Our first suspicions were raised when we noted that, for the alleged purchase of a computer server there was no original invoice but only a copy. This prompted us to check for the item in the physical assets database and to more of our surprise, no such record of a purchase of a computer server was present in the database and “no ID number had been issued of any similar item in the past 10 months” ( Wells 2011).

Just to confirm it was not an omission, we contacted the vendor, Sterns, who was alleged to have supplied the same item as per the details of the invoice copy via their contact person Mr. Jones. Mr. Jones confirmed the existence of similar invoice number billed to Plant of Lakes, Inc. but for HD Television and not a Server. The allegations had been partly confirmed and after further examining the purchases records and assets database no HD television had been purchased by the company.

We decided to visit Sterns in order to interrogate and get more details from Mr. Jones. Mr. Jones told us of his suspicions in the past 6 months when outside the norm Mr. Smith and Ms. Bad made 2 and 3 purchases respectively using Mr. Smith’s purchase card from the vendor but instead advised they would personally come to pick up the purchased items.

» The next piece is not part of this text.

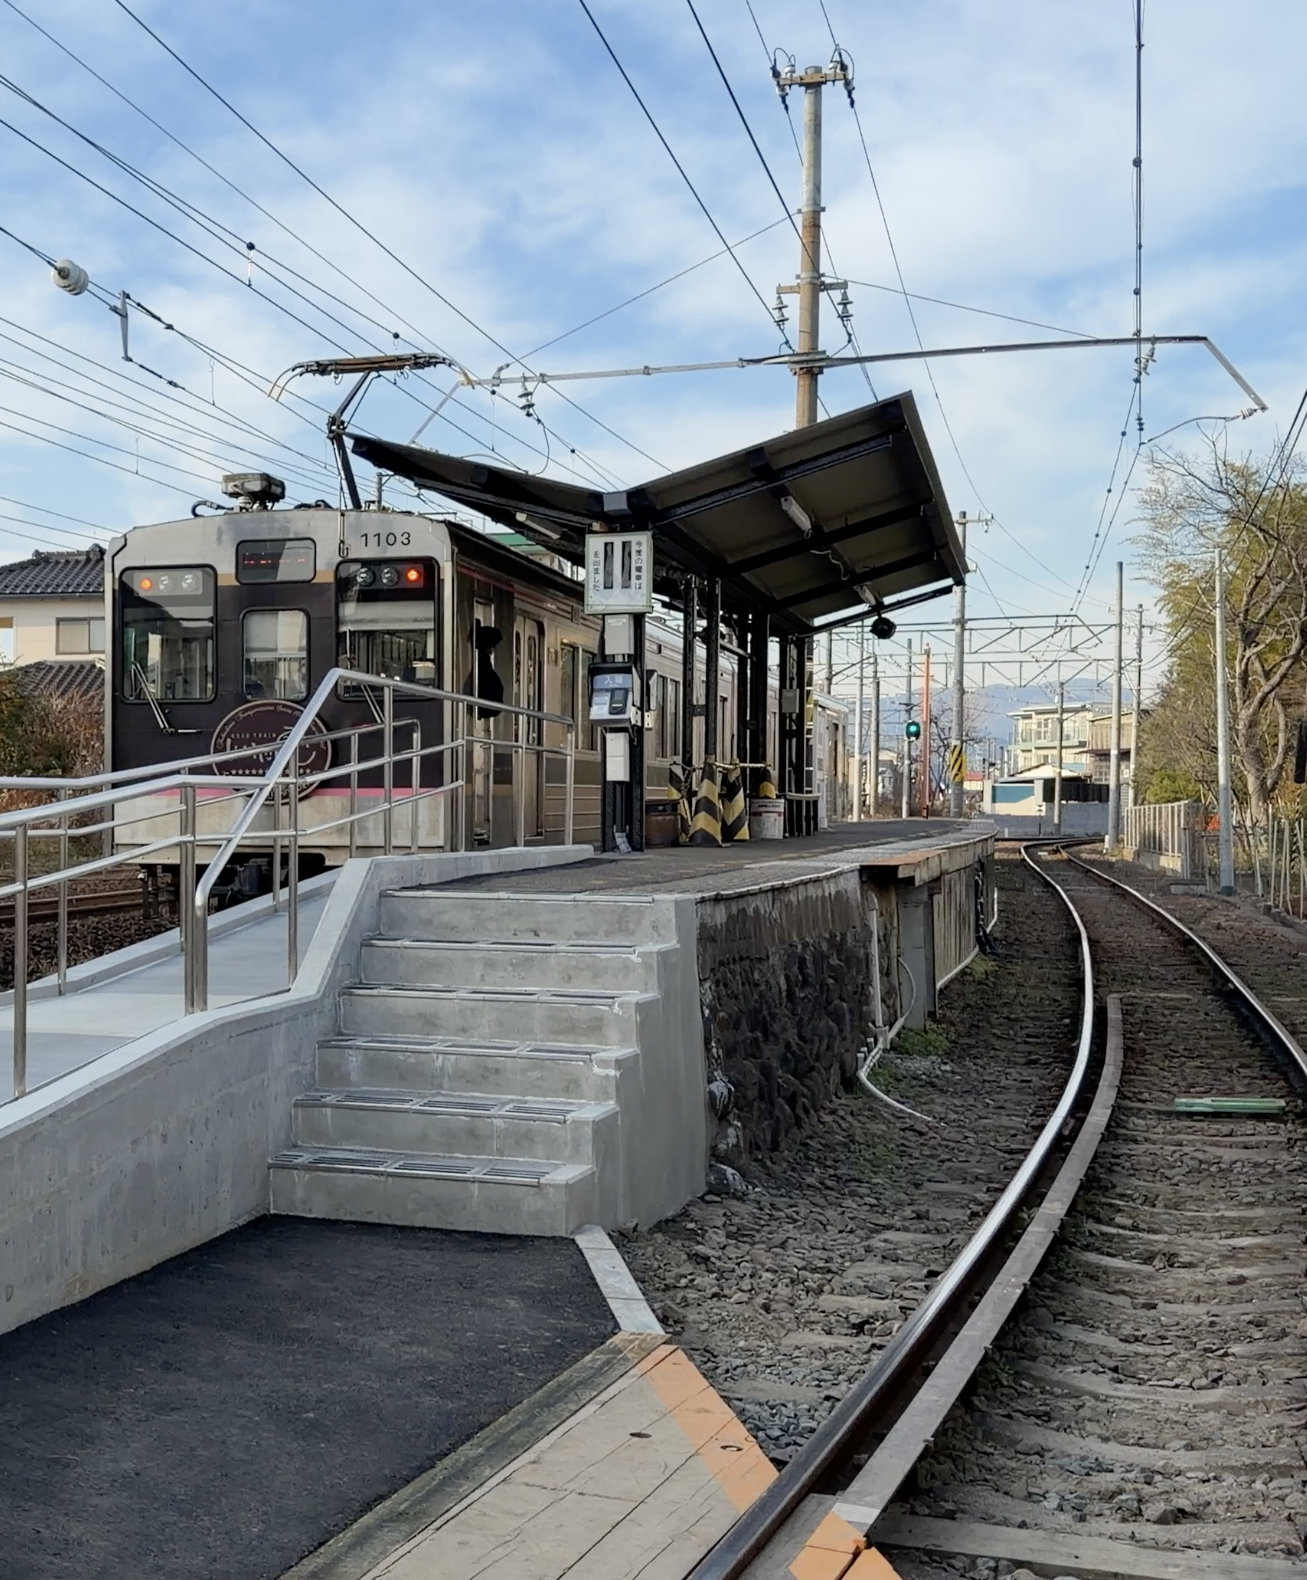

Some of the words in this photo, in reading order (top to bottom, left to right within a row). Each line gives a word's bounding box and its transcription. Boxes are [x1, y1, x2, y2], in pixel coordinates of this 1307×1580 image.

[360, 531, 411, 547] 1103
[593, 550, 601, 592] を出ました

To substantiate these claims we picked invoices of the items purchased from the vendor but personally picked up by either Mr. Smith or Ms. Bad where only copies of the original invoices albeit different as to the item purchased were found in the plant purchasing records. It is here that with all the facts gathered we concluded our investigations convinced beyond reasonable doubt that we had solid evidence to prove that Mr. Smith and Ms. Bad had established a personal purchases scheme to defraud the company.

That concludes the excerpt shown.